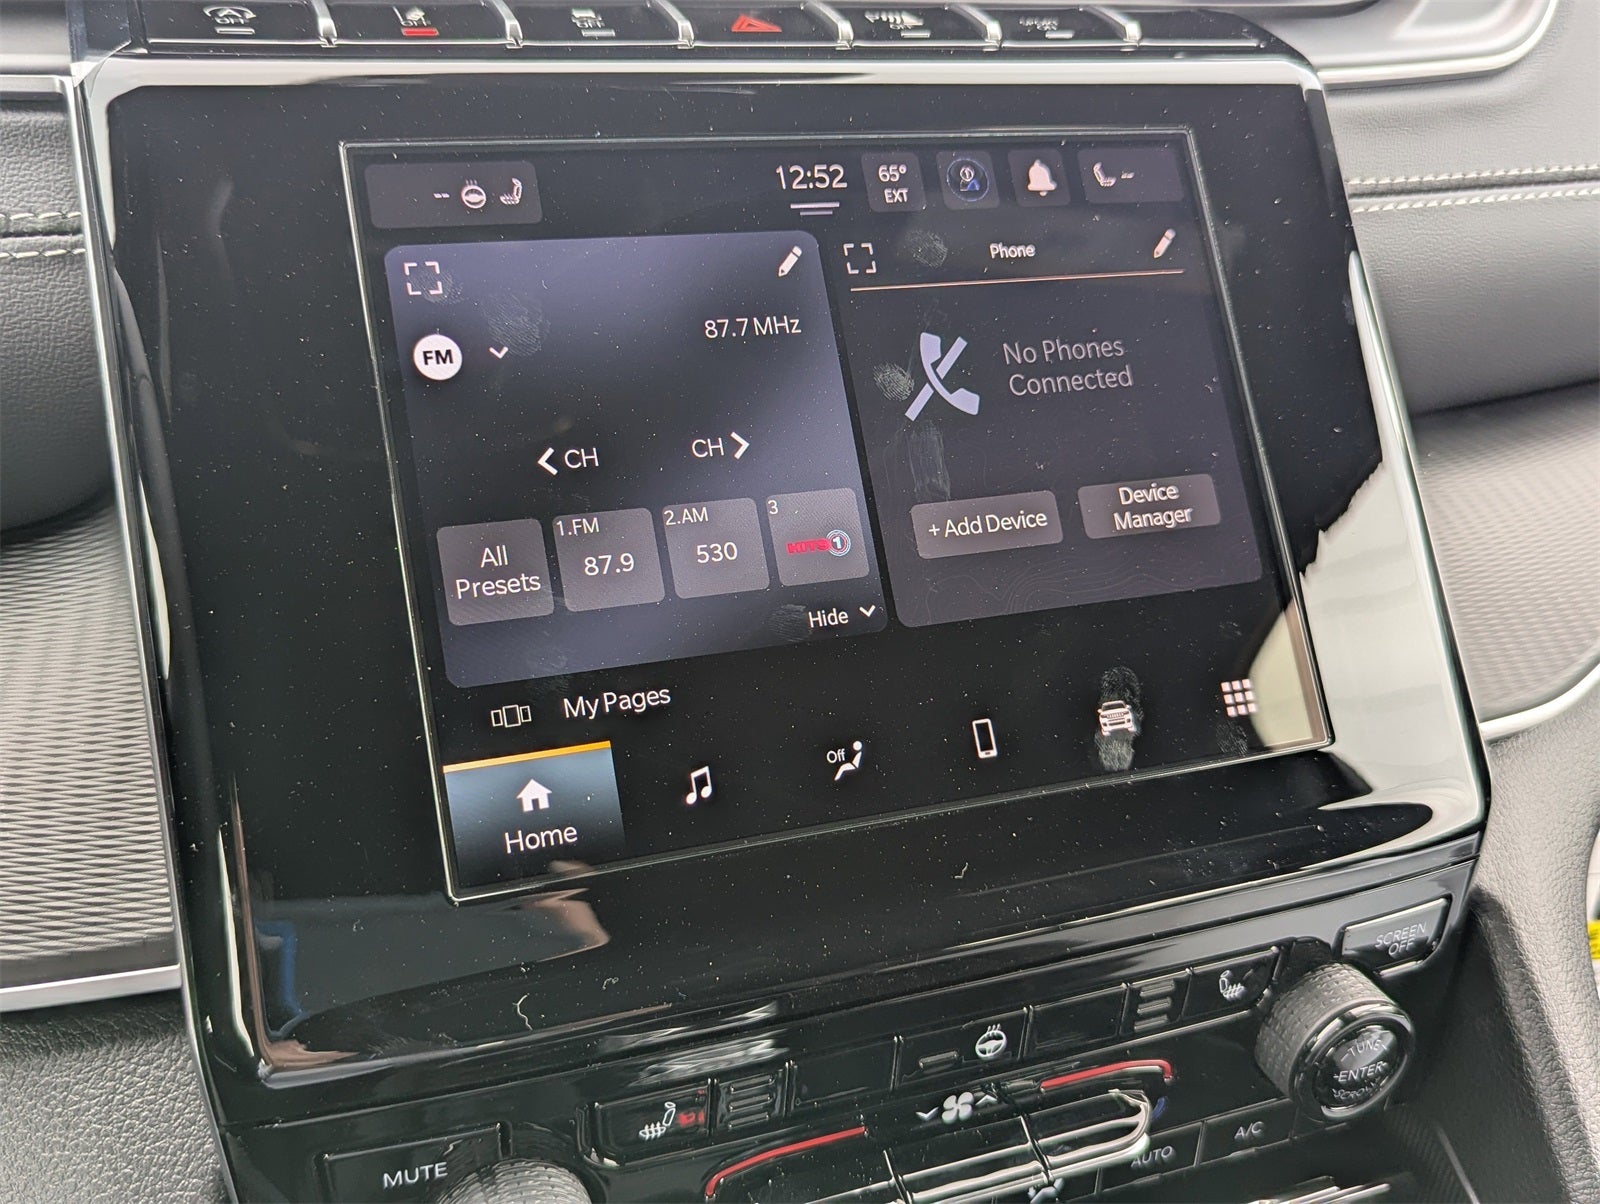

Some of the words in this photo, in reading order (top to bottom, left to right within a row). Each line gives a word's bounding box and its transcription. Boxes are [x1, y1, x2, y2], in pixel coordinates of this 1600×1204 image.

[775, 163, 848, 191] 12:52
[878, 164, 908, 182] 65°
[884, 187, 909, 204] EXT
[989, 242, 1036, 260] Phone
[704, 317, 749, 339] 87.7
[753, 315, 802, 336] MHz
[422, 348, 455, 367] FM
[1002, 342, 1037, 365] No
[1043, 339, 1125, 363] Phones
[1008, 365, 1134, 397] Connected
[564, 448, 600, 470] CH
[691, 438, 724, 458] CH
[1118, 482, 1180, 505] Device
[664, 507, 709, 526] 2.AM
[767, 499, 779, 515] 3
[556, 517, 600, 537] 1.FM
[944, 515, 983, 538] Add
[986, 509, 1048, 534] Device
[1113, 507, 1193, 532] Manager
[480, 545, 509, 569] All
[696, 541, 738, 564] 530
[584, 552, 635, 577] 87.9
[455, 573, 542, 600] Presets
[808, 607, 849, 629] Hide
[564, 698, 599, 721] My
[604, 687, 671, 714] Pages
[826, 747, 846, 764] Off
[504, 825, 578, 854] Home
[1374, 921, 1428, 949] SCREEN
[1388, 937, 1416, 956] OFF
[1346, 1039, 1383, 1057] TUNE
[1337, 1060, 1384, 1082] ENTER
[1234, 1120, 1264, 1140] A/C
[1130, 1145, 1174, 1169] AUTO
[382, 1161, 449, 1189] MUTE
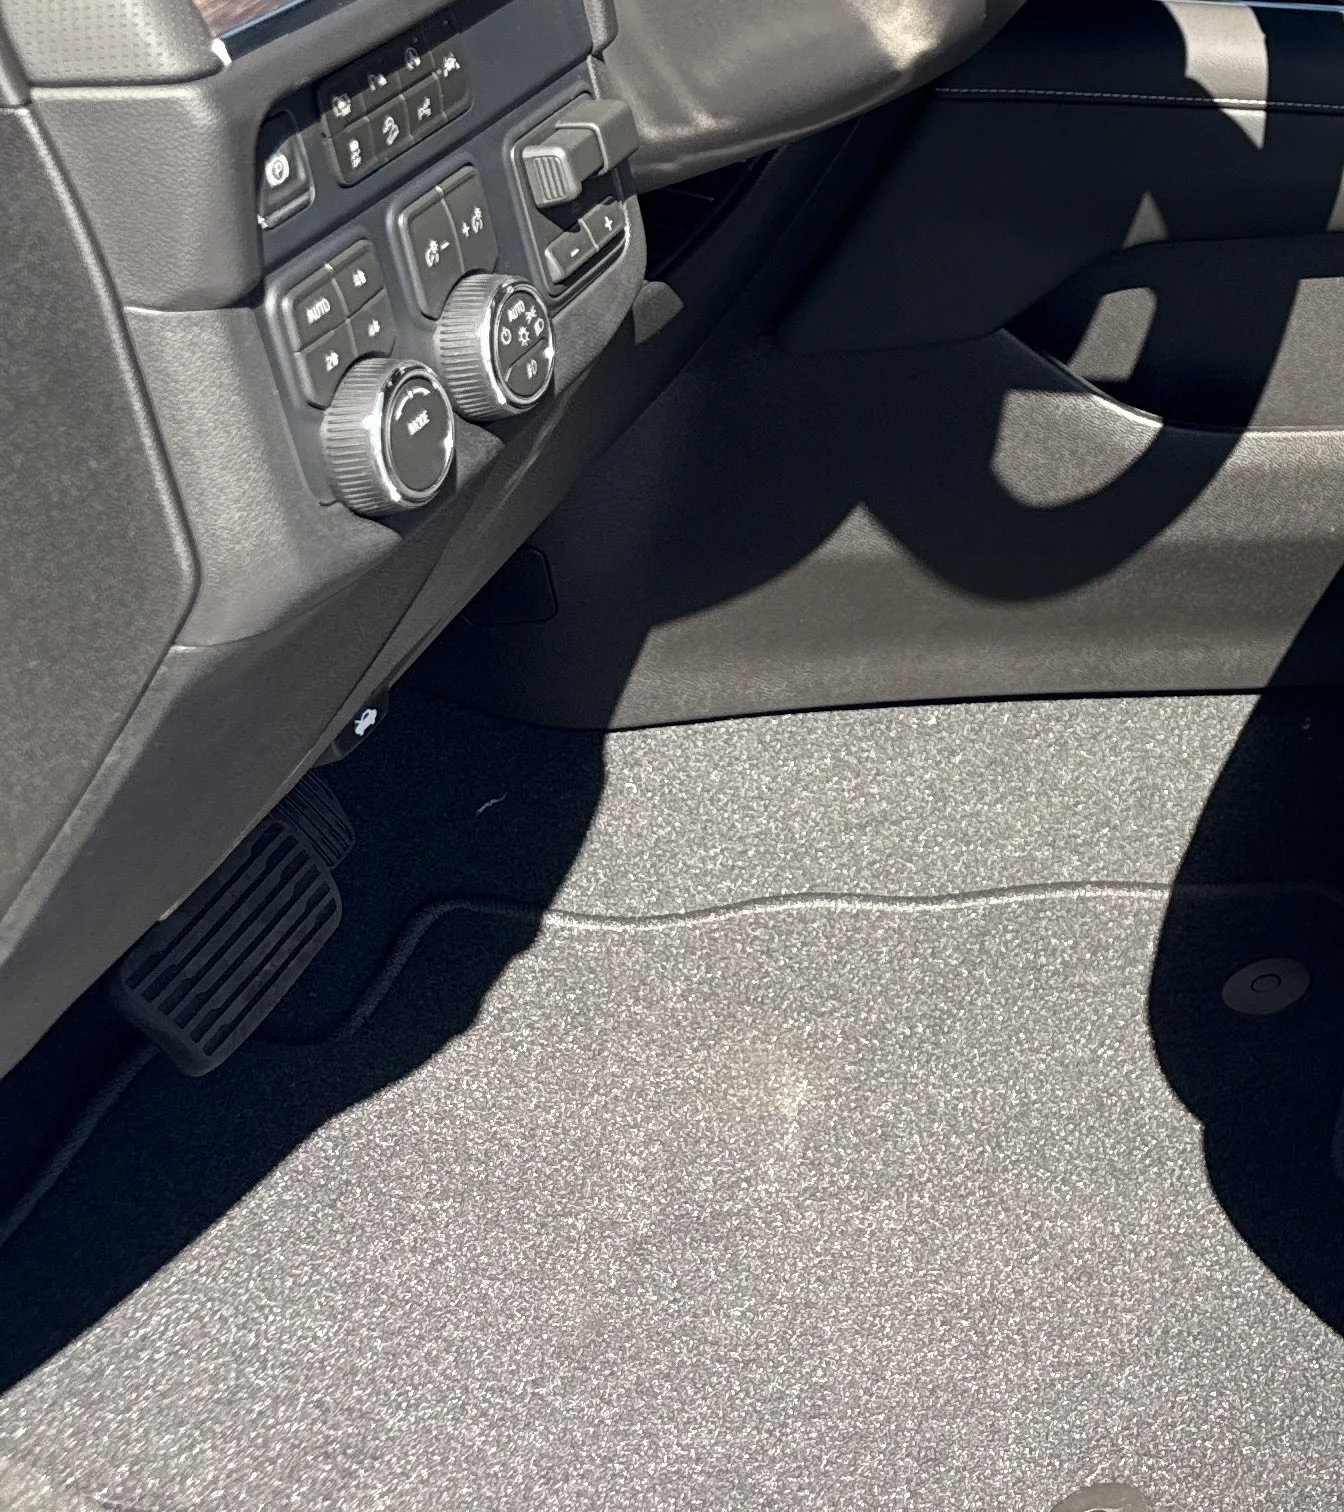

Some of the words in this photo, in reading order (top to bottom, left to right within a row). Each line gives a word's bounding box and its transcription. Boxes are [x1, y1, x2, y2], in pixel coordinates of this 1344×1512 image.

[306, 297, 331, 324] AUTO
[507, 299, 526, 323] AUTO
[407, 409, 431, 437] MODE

+---+

* **Work required**: Could the material above be given again exactly, pictures excluded?

* **Output below**:
Some of the words in this photo, in reading order (top to bottom, left to right within a row). Each line gives a word's bounding box and its transcription. Boxes are [x1, y1, x2, y2], in pixel coordinates of this 1600×1204 image.

[775, 163, 848, 191] 12:52
[878, 164, 908, 182] 65°
[884, 187, 909, 204] EXT
[989, 242, 1036, 260] Phone
[704, 317, 749, 339] 87.7
[753, 315, 802, 336] MHz
[422, 348, 455, 367] FM
[1002, 342, 1037, 365] No
[1043, 339, 1125, 363] Phones
[1008, 365, 1134, 397] Connected
[564, 448, 600, 470] CH
[691, 438, 724, 458] CH
[1118, 482, 1180, 505] Device
[664, 507, 709, 526] 2.AM
[767, 499, 779, 515] 3
[556, 517, 600, 537] 1.FM
[944, 515, 983, 538] Add
[986, 509, 1048, 534] Device
[1113, 507, 1193, 532] Manager
[480, 545, 509, 569] All
[696, 541, 738, 564] 530
[584, 552, 635, 577] 87.9
[455, 573, 542, 600] Presets
[808, 607, 849, 629] Hide
[564, 698, 599, 721] My
[604, 687, 671, 714] Pages
[826, 747, 846, 764] Off
[504, 825, 578, 854] Home
[1374, 921, 1428, 949] SCREEN
[1388, 937, 1416, 956] OFF
[1346, 1039, 1383, 1057] TUNE
[1337, 1060, 1384, 1082] ENTER
[1234, 1120, 1264, 1140] A/C
[1130, 1145, 1174, 1169] AUTO
[382, 1161, 449, 1189] MUTE

Some of the words in this photo, in reading order (top to bottom, left to right within a row). Each line gives a word's bounding box and its transcription. Boxes are [x1, y1, x2, y2], in pixel coordinates of this 1344×1512 image.

[306, 297, 331, 324] AUTO
[507, 299, 526, 323] AUTO
[407, 409, 431, 437] MODE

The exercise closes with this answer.